- **Task statement**:
Without including the images, transcribe each record precisely as it appears below.

- **Extracted entries**:
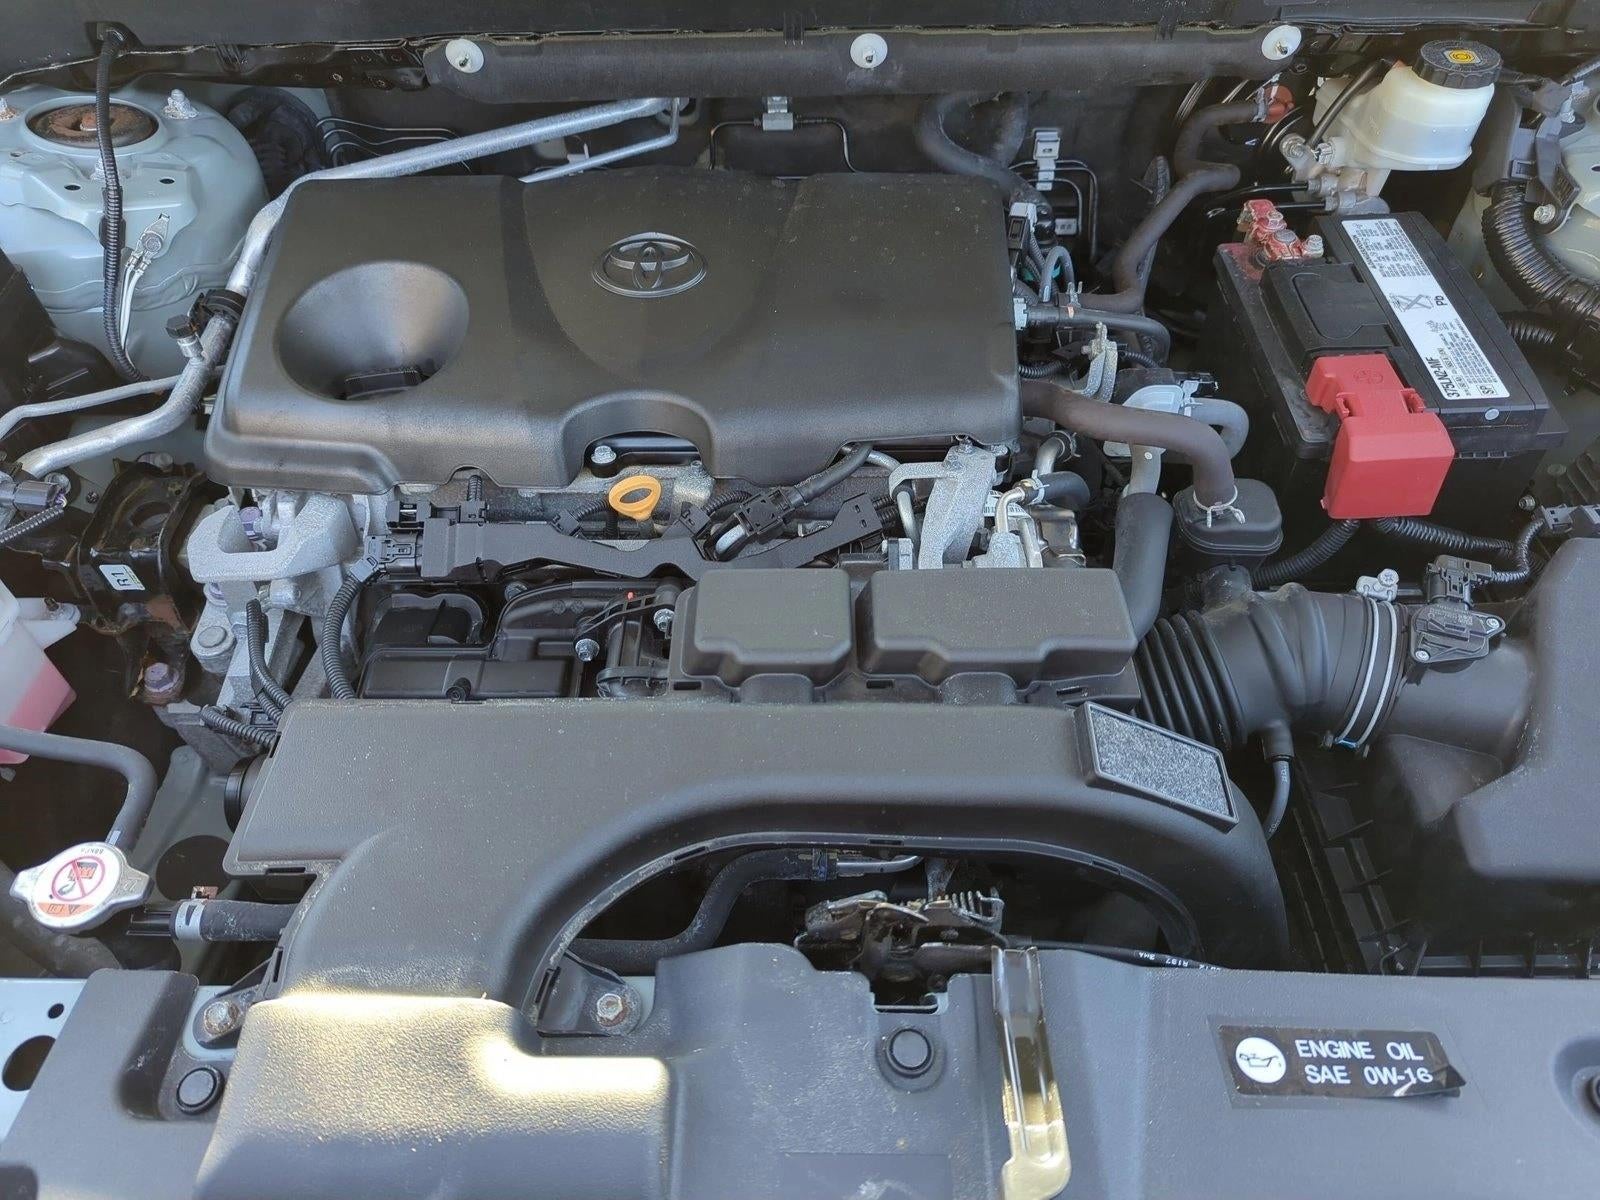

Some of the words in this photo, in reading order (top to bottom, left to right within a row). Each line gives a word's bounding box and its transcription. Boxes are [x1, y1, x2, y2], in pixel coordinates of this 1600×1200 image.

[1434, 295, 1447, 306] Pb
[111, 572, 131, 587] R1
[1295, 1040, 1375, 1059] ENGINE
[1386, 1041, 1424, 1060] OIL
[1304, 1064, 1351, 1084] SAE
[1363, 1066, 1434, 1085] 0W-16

- **Your solution**:
Some of the words in this photo, in reading order (top to bottom, left to right within a row). Each line gives a word's bounding box and its transcription. Boxes are [x1, y1, x2, y2], in pixel coordinates of this 1600×1200 image.

[1434, 295, 1447, 306] Pb
[111, 572, 131, 587] R1
[1295, 1040, 1375, 1059] ENGINE
[1386, 1041, 1424, 1060] OIL
[1304, 1064, 1351, 1084] SAE
[1363, 1066, 1434, 1085] 0W-16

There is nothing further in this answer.